Polat Enerji Geleceğe Yeşil Işık Yak Projesinde Yeni Dönem Başladı Haber

Polat Enerji Geleceğe Yeşil Işık Yak Projesinde Yeni Dönem Başladı

Türkiye'nin yenilenebilir enerji alanındaki öncü şirketlerinden Polat Enerji ile topluma fayda sağlamayı amaçlayan Polat Vakfı iş birliğiyle 2023 yılında hayata geçirilen ‘’Geleceğe Yeşil Işık Yak’’ projesi, ilkokul ve meslek lisesi öğrencilerine sürdürülebilir bir gelecek bilinci kazandırmaya devam ediyor. Öğrenciler bu süreçte hem yenilenebilir ve temiz enerji kaynaklarının önemini kavrıyor hem de çevreye duyarlı enerji üretimi konusunda bilinçleniyor. Grup çalışmalarıyla yaptıkları aktivitelerde rüzgârın gücünün enerjiye dönüşümünü gözlemleyerek deneyimleme fırsatı buluyorlar.

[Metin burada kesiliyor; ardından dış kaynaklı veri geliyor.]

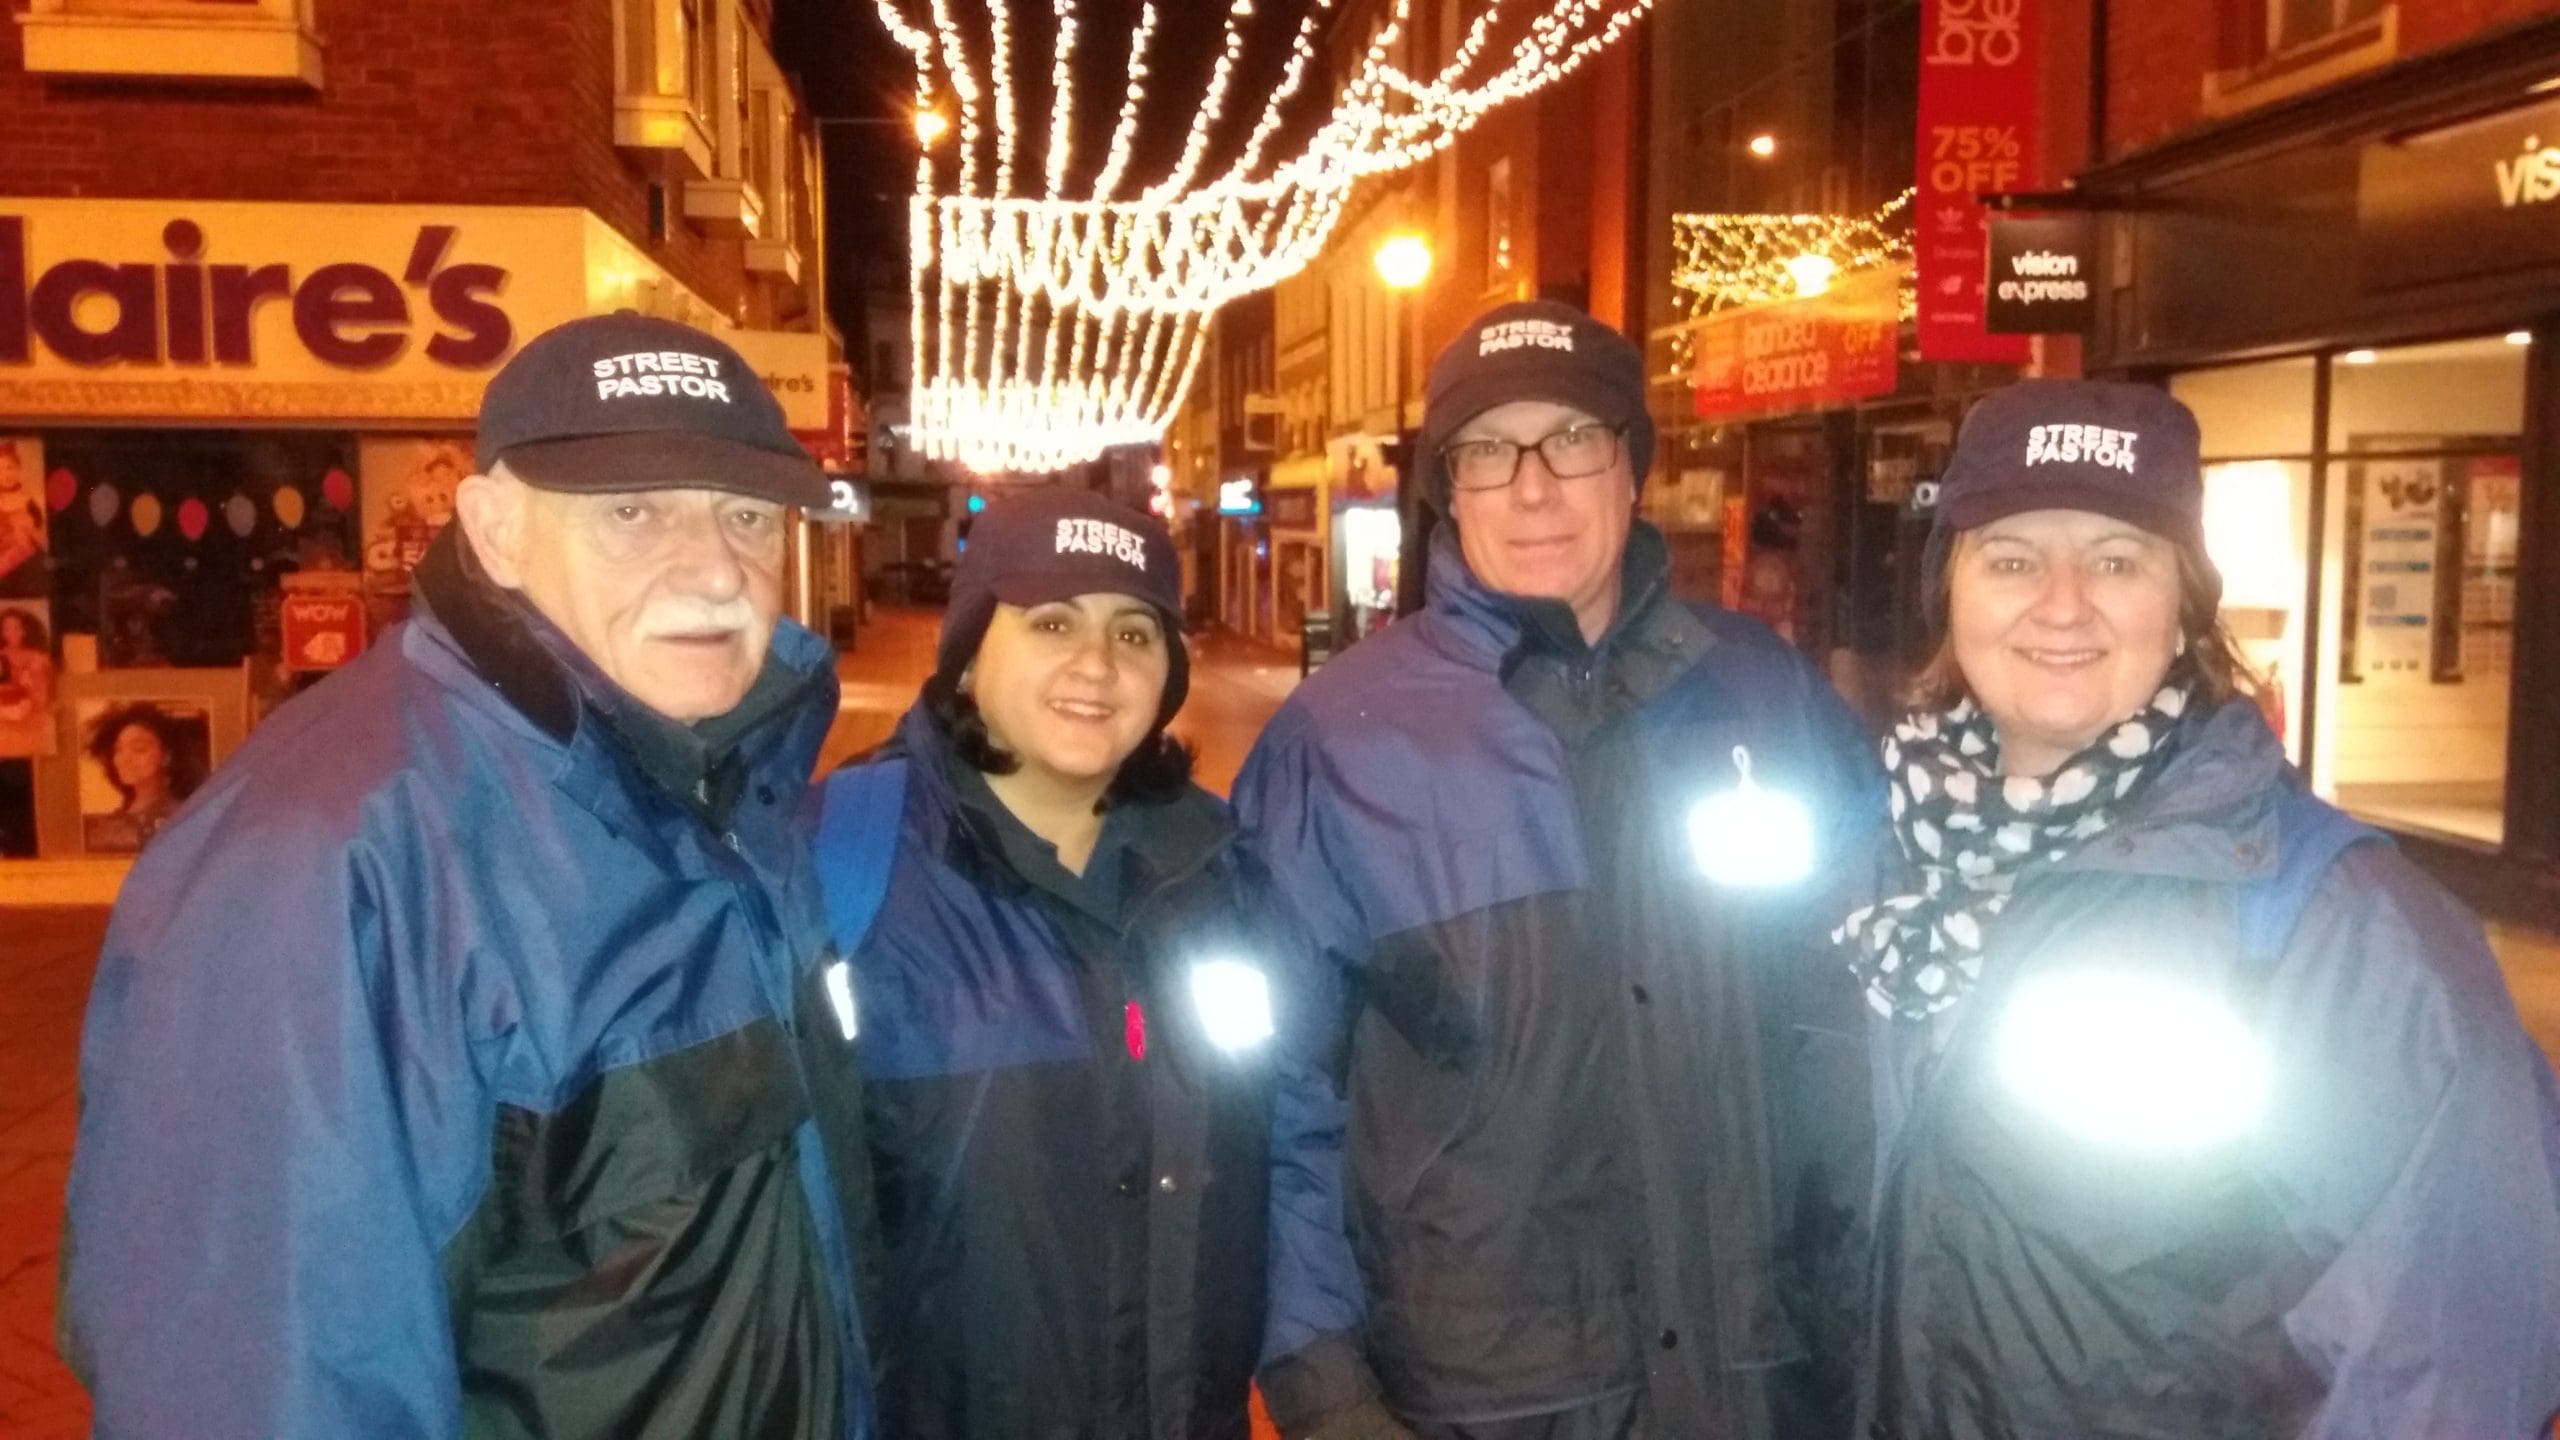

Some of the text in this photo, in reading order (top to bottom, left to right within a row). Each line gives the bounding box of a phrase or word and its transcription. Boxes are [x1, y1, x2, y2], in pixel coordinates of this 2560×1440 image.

[1932, 126, 2020, 159] 75%
[1931, 161, 2019, 192] OFF
[2012, 250, 2077, 275] vision
[1998, 281, 2088, 306] express
[1480, 320, 1573, 341] STREET
[1479, 334, 1573, 357] PASTOR
[593, 352, 720, 378] STREET
[597, 375, 731, 404] PASTOR
[2028, 423, 2138, 451] STREET
[2025, 442, 2135, 474] PASTOR
[1056, 519, 1146, 549] STREET
[1055, 535, 1146, 571] PASTOR
[293, 604, 349, 621] WOW

Yeni eğitim öğretim yılında proje kapsamında Enerji Atölyeleri ve Meslek Lisesi Buluşmalarına 2800 ilkokul ve 750meslek lisesi öğrencisinin katılması hedefleniyor. 2023 yılından bu yana gerçekleştirilen proje kapsamında yenilenebilir enerji, iklim değişikliği ve sürdürülebilirlik gibi konuların eğlenceli ve öğretici etkinliklerle işlendiği Enerji Atölyeleri ve Meslek Lisesi Buluşmalarına 5526 ilkokul ve 1165 meslek lisesi öğrencisi katıldı. Enerji Atölyelerinde ilgili kavramlar oyunlar eşliğinde öğrencilere aktarılırken, atölye sonunda gerçekleştirilen maket çalışmasıyla rüzgâr türbinlerinin çalışma mekanizması uygulamalı şekilde gösterildi. İklim krizi ve sürdürülebilirlikle ilgili küresel çalışmalar ve araştırmalara dayanan kavramların öğretilmesi için eğlenceli ve öğretici etkinlikler düzenlendi. Bu çalışmalarla çocukların ve gençlerin çevre farkındalığı güçlendirilirken, sürdürülebilir bir gelecek için toplumun enerji bilinci yüksek bireyler yetişmesine katkı sağlanıyor. “Geleceğe Yeşil Işık Yak”, gelecek nesillere daha temiz, daha yaşanabilir ve daha sürdürülebilir bir dünya bırakma hedefiyle yolculuğuna kararlılıkla devam ediyor.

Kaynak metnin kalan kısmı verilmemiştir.